● **What you need to do**: Copy each entry below exactly.

● **Input material**:
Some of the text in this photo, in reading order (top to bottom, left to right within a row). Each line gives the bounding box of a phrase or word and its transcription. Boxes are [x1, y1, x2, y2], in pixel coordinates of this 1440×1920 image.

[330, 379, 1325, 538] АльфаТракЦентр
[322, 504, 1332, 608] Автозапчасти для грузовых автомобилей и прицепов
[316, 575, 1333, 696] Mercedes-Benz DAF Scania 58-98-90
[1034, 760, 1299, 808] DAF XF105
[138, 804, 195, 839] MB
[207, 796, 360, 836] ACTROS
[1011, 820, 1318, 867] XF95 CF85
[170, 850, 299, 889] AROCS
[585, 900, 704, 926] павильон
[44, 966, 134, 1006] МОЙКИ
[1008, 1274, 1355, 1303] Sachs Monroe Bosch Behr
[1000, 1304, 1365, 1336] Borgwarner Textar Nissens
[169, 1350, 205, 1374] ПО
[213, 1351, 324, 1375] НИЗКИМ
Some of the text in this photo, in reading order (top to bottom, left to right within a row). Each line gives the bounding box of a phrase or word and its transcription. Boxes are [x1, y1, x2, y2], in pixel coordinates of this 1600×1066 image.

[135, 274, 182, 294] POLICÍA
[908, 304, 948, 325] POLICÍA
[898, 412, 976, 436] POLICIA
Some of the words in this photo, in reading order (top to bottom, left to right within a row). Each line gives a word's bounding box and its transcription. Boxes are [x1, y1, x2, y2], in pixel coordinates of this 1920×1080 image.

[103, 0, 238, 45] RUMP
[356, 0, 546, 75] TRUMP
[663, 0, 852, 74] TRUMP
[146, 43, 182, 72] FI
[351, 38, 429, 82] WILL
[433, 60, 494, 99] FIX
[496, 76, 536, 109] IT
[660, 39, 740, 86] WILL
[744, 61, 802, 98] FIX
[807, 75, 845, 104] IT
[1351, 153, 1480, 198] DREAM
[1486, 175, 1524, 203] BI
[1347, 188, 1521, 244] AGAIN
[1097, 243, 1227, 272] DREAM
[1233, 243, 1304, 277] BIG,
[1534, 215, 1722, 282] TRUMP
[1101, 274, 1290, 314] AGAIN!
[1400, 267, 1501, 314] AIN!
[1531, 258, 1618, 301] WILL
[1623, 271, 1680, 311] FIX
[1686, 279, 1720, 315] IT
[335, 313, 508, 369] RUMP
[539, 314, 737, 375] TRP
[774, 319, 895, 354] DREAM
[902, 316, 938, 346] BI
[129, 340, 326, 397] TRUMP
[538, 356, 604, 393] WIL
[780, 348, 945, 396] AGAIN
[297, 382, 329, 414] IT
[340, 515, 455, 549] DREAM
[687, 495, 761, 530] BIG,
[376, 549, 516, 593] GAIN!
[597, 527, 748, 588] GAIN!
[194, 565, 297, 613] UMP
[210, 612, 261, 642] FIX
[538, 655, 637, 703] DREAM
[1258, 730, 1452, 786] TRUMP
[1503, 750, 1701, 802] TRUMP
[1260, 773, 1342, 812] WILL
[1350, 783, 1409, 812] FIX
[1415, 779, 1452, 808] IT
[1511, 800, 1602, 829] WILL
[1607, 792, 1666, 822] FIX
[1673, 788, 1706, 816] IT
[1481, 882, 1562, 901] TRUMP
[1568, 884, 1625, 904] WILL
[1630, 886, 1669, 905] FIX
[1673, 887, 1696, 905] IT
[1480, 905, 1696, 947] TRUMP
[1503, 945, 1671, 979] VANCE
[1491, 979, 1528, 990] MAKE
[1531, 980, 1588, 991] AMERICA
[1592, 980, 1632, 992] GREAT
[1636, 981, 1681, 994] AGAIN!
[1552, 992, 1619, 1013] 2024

● **Response to this task**:
Some of the text in this photo, in reading order (top to bottom, left to right within a row). Each line gives the bounding box of a phrase or word and its transcription. Boxes are [x1, y1, x2, y2], in pixel coordinates of this 1440×1920 image.

[330, 379, 1325, 538] АльфаТракЦентр
[322, 504, 1332, 608] Автозапчасти для грузовых автомобилей и прицепов
[316, 575, 1333, 696] Mercedes-Benz DAF Scania 58-98-90
[1034, 760, 1299, 808] DAF XF105
[138, 804, 195, 839] MB
[207, 796, 360, 836] ACTROS
[1011, 820, 1318, 867] XF95 CF85
[170, 850, 299, 889] AROCS
[585, 900, 704, 926] павильон
[44, 966, 134, 1006] МОЙКИ
[1008, 1274, 1355, 1303] Sachs Monroe Bosch Behr
[1000, 1304, 1365, 1336] Borgwarner Textar Nissens
[169, 1350, 205, 1374] ПО
[213, 1351, 324, 1375] НИЗКИМ
Some of the text in this photo, in reading order (top to bottom, left to right within a row). Each line gives the bounding box of a phrase or word and its transcription. Boxes are [x1, y1, x2, y2], in pixel coordinates of this 1600×1066 image.

[135, 274, 182, 294] POLICÍA
[908, 304, 948, 325] POLICÍA
[898, 412, 976, 436] POLICIA
Some of the words in this photo, in reading order (top to bottom, left to right within a row). Each line gives a word's bounding box and its transcription. Boxes are [x1, y1, x2, y2], in pixel coordinates of this 1920×1080 image.

[103, 0, 238, 45] RUMP
[356, 0, 546, 75] TRUMP
[663, 0, 852, 74] TRUMP
[146, 43, 182, 72] FI
[351, 38, 429, 82] WILL
[433, 60, 494, 99] FIX
[496, 76, 536, 109] IT
[660, 39, 740, 86] WILL
[744, 61, 802, 98] FIX
[807, 75, 845, 104] IT
[1351, 153, 1480, 198] DREAM
[1486, 175, 1524, 203] BI
[1347, 188, 1521, 244] AGAIN
[1097, 243, 1227, 272] DREAM
[1233, 243, 1304, 277] BIG,
[1534, 215, 1722, 282] TRUMP
[1101, 274, 1290, 314] AGAIN!
[1400, 267, 1501, 314] AIN!
[1531, 258, 1618, 301] WILL
[1623, 271, 1680, 311] FIX
[1686, 279, 1720, 315] IT
[335, 313, 508, 369] RUMP
[539, 314, 737, 375] TRP
[774, 319, 895, 354] DREAM
[902, 316, 938, 346] BI
[129, 340, 326, 397] TRUMP
[538, 356, 604, 393] WIL
[780, 348, 945, 396] AGAIN
[297, 382, 329, 414] IT
[340, 515, 455, 549] DREAM
[687, 495, 761, 530] BIG,
[376, 549, 516, 593] GAIN!
[597, 527, 748, 588] GAIN!
[194, 565, 297, 613] UMP
[210, 612, 261, 642] FIX
[538, 655, 637, 703] DREAM
[1258, 730, 1452, 786] TRUMP
[1503, 750, 1701, 802] TRUMP
[1260, 773, 1342, 812] WILL
[1350, 783, 1409, 812] FIX
[1415, 779, 1452, 808] IT
[1511, 800, 1602, 829] WILL
[1607, 792, 1666, 822] FIX
[1673, 788, 1706, 816] IT
[1481, 882, 1562, 901] TRUMP
[1568, 884, 1625, 904] WILL
[1630, 886, 1669, 905] FIX
[1673, 887, 1696, 905] IT
[1480, 905, 1696, 947] TRUMP
[1503, 945, 1671, 979] VANCE
[1491, 979, 1528, 990] MAKE
[1531, 980, 1588, 991] AMERICA
[1592, 980, 1632, 992] GREAT
[1636, 981, 1681, 994] AGAIN!
[1552, 992, 1619, 1013] 2024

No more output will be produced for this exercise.